## Provided information
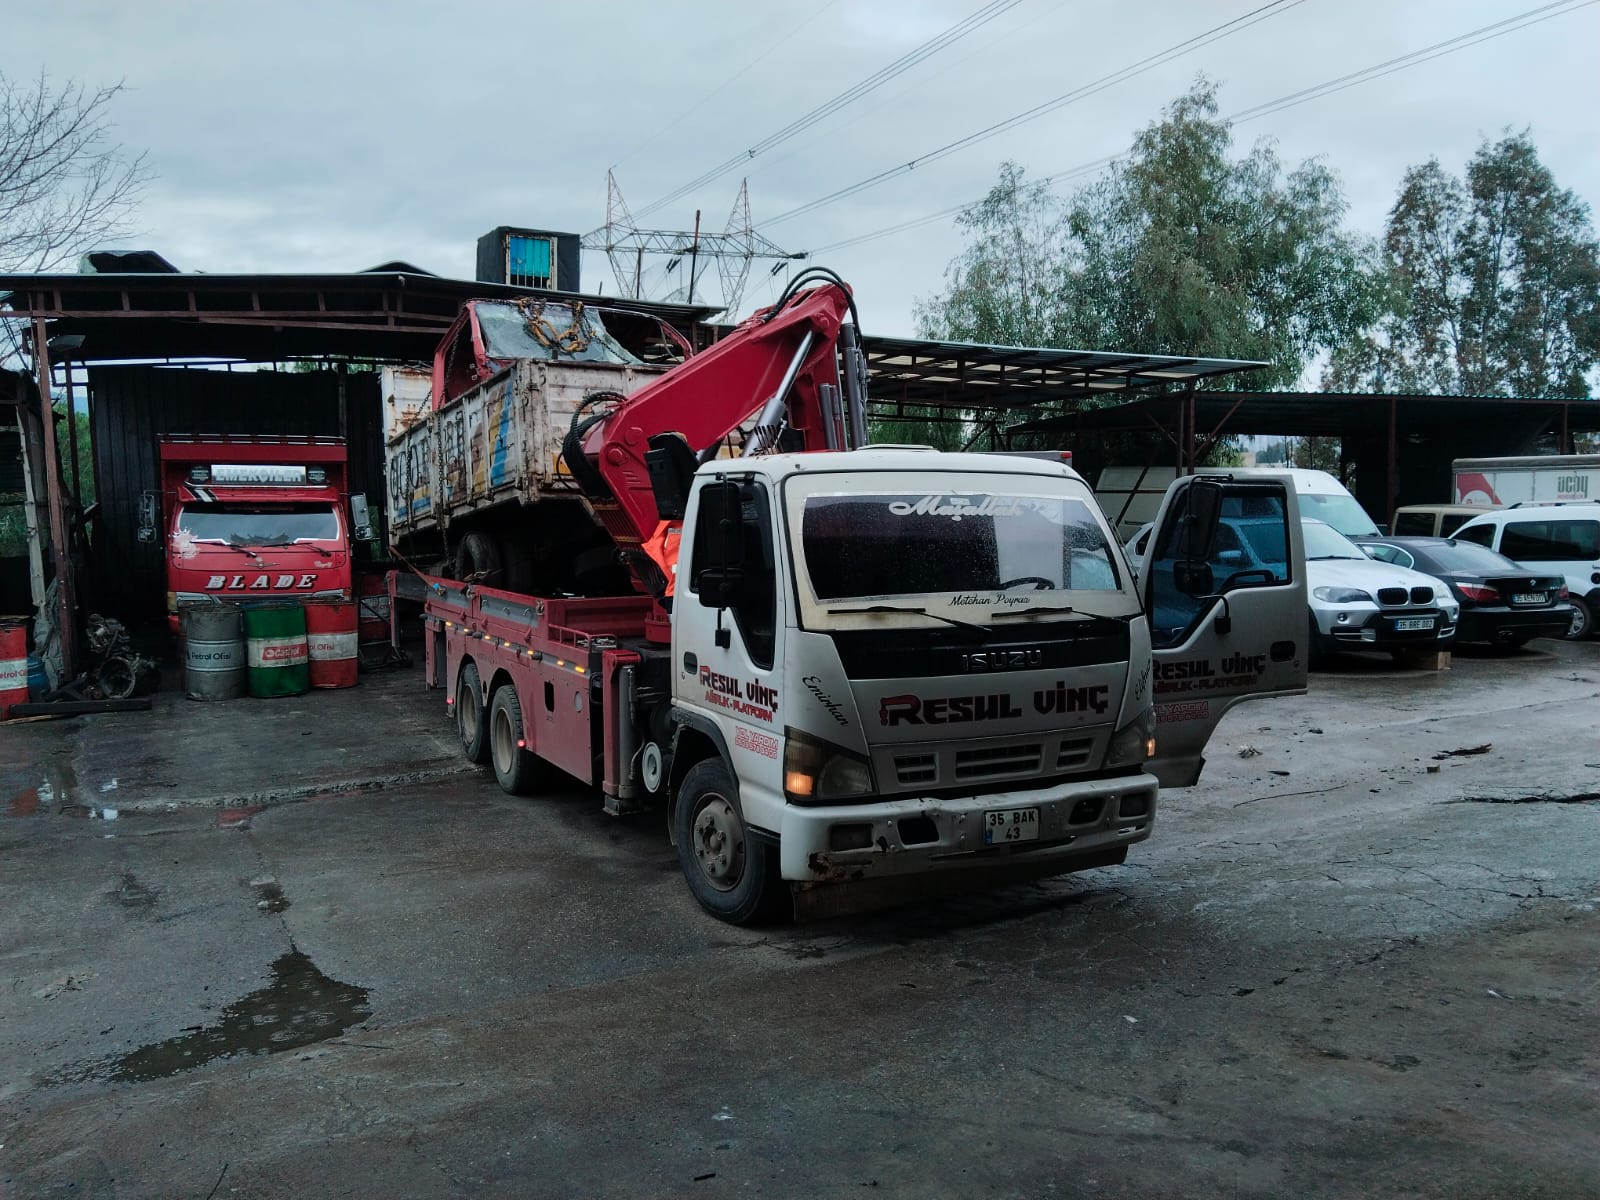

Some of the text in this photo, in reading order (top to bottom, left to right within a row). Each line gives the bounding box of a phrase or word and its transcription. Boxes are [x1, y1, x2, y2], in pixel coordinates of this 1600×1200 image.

[205, 574, 317, 590] BLADE
[948, 592, 1031, 607] Metehan Poyraz
[191, 652, 231, 660] Petrol Ofisi
[274, 647, 300, 657] Castrol
[961, 649, 1041, 671] ISUZU
[0, 670, 18, 679] etrol
[1152, 659, 1215, 681] RESUL
[700, 665, 742, 698] RESUL
[802, 676, 849, 727] Emirhan
[880, 681, 1109, 726] RESUL VİNÇ
[990, 811, 1035, 826] 35 BAK
[1006, 827, 1021, 840] 43
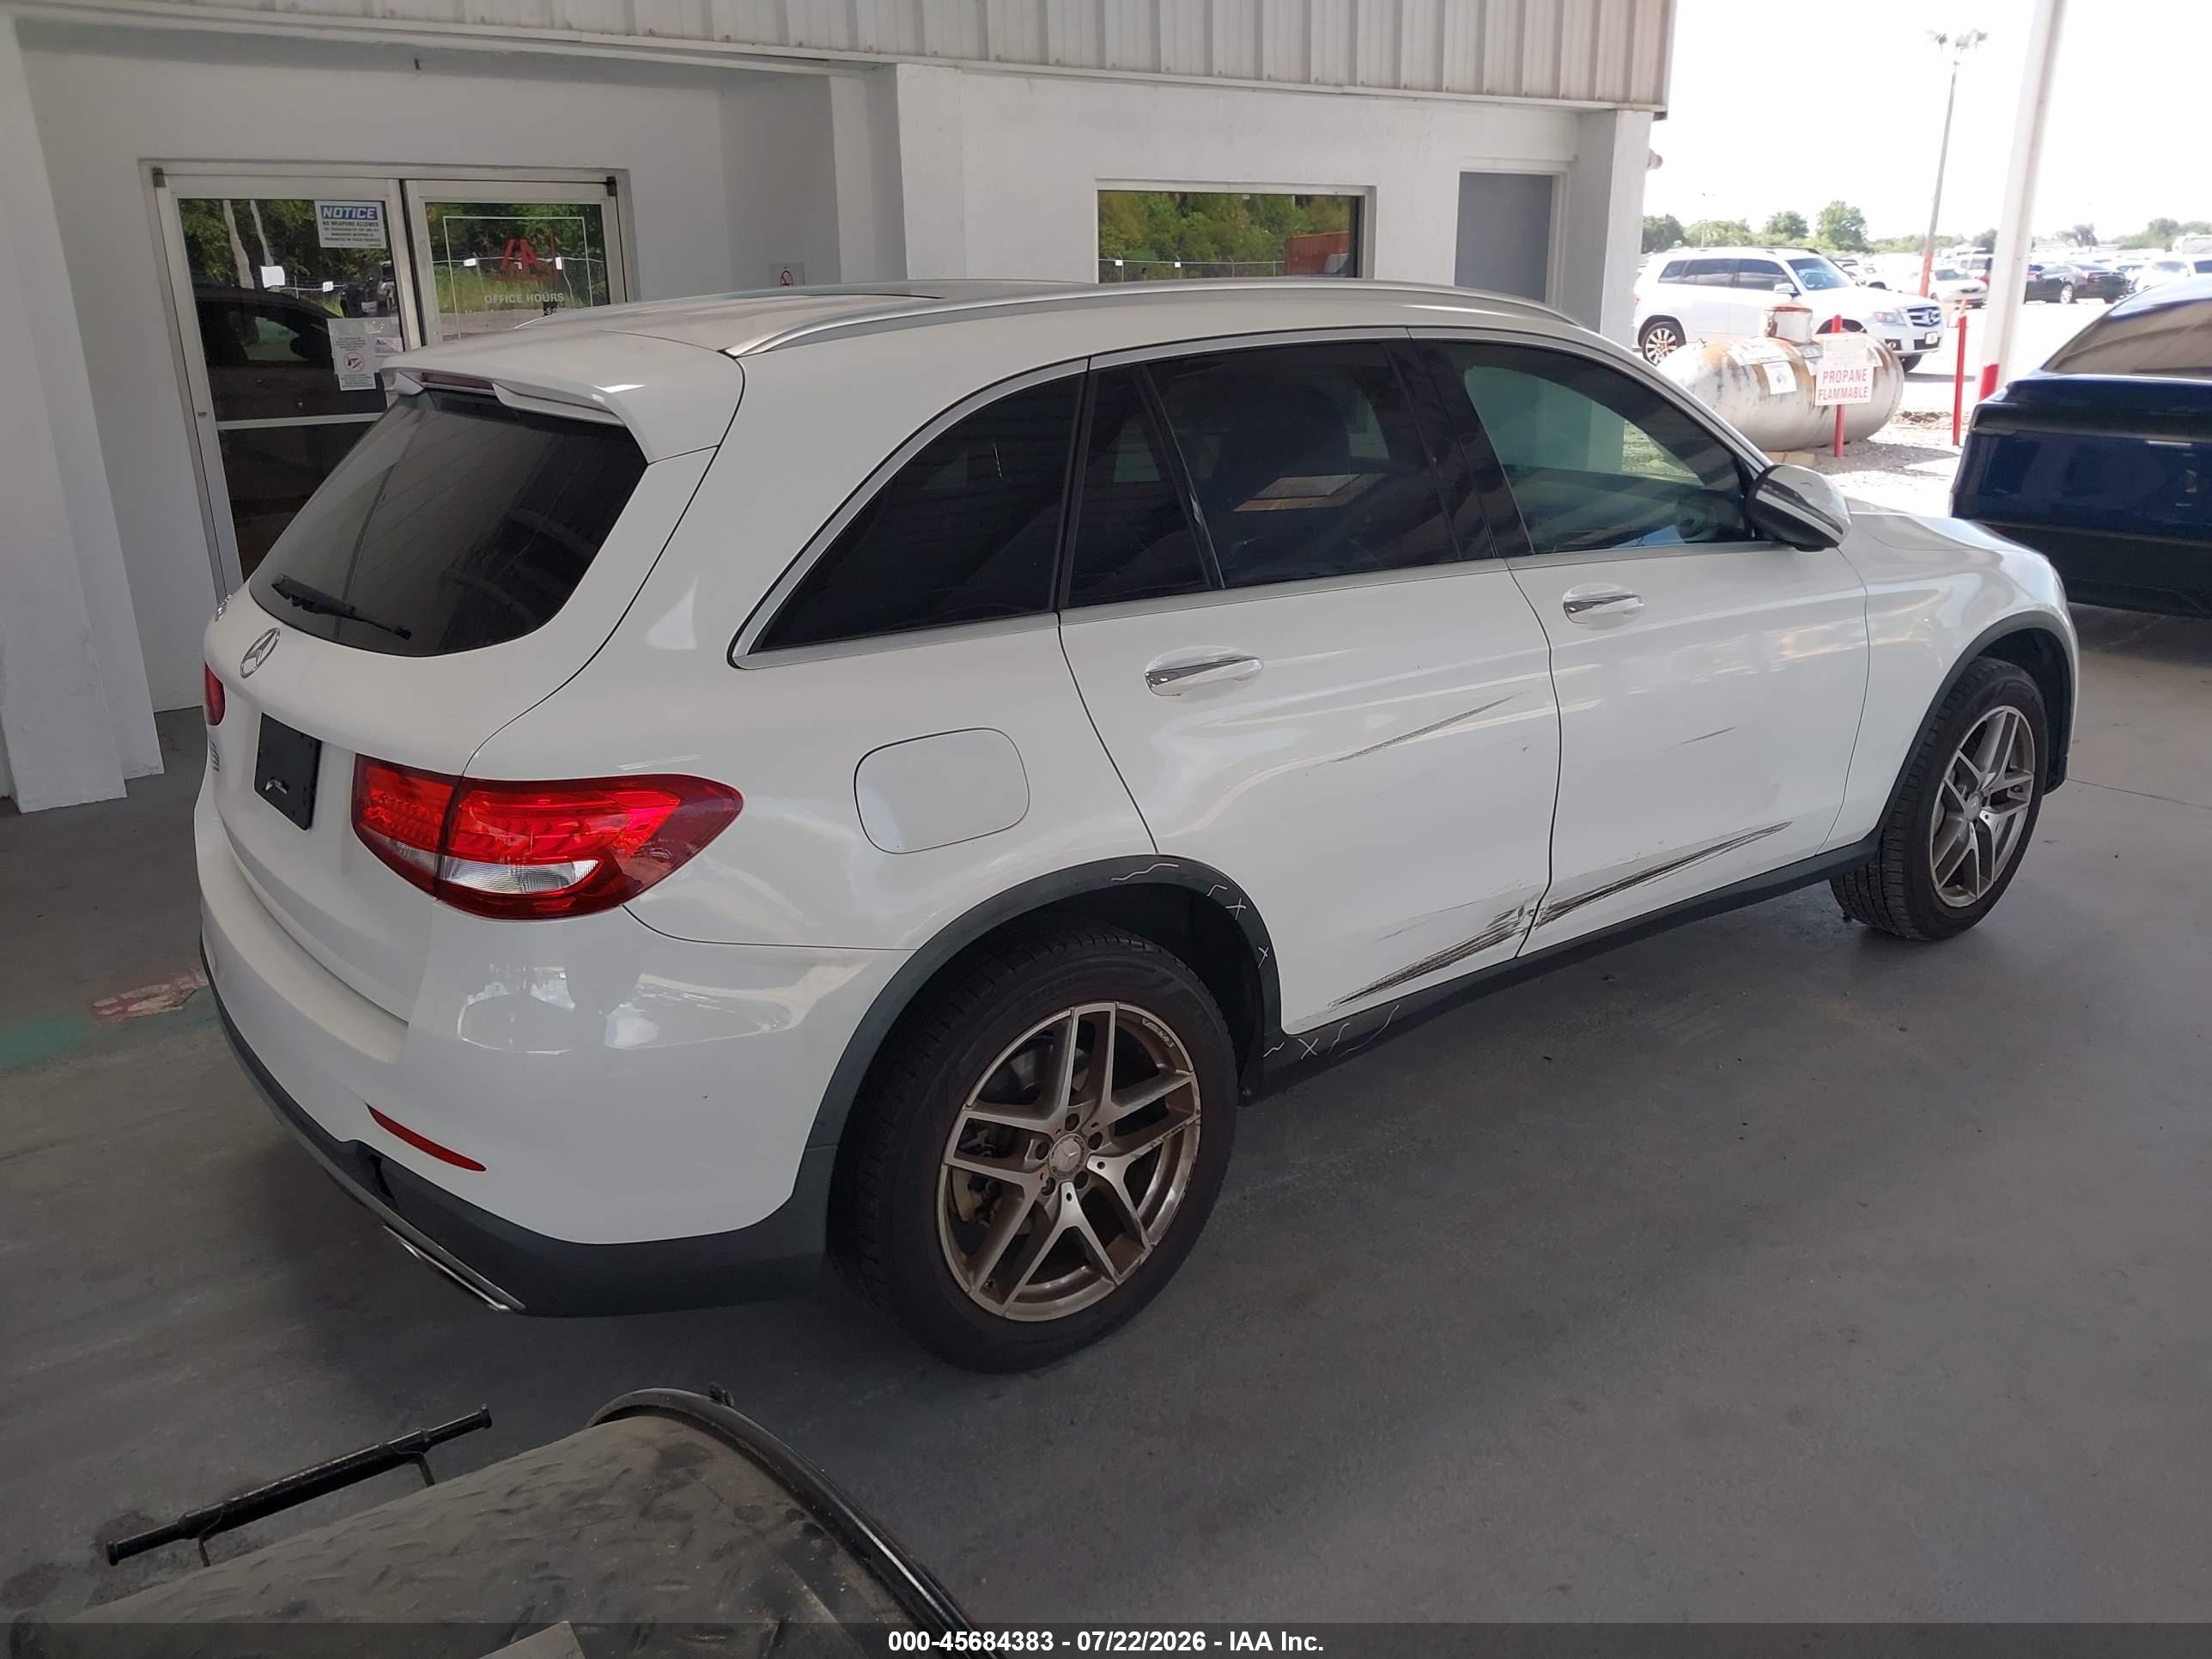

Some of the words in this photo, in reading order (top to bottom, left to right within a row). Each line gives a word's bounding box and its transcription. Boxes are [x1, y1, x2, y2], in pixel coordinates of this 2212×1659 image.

[322, 207, 376, 219] NOTICE
[484, 295, 523, 304] OFFICE
[526, 293, 565, 303] HOURS
[1822, 368, 1869, 384] PROPANE
[1818, 386, 1869, 401] FLAMMABLE

## Instructions to follow
The records must be restated word for word, apart from any images.

## Output for this task
Some of the text in this photo, in reading order (top to bottom, left to right within a row). Each line gives the bounding box of a phrase or word and its transcription. Boxes are [x1, y1, x2, y2], in pixel coordinates of this 1600×1200 image.

[205, 574, 317, 590] BLADE
[948, 592, 1031, 607] Metehan Poyraz
[191, 652, 231, 660] Petrol Ofisi
[274, 647, 300, 657] Castrol
[961, 649, 1041, 671] ISUZU
[0, 670, 18, 679] etrol
[1152, 659, 1215, 681] RESUL
[700, 665, 742, 698] RESUL
[802, 676, 849, 727] Emirhan
[880, 681, 1109, 726] RESUL VİNÇ
[990, 811, 1035, 826] 35 BAK
[1006, 827, 1021, 840] 43

Some of the words in this photo, in reading order (top to bottom, left to right within a row). Each line gives a word's bounding box and its transcription. Boxes are [x1, y1, x2, y2], in pixel coordinates of this 2212×1659 image.

[322, 207, 376, 219] NOTICE
[484, 295, 523, 304] OFFICE
[526, 293, 565, 303] HOURS
[1822, 368, 1869, 384] PROPANE
[1818, 386, 1869, 401] FLAMMABLE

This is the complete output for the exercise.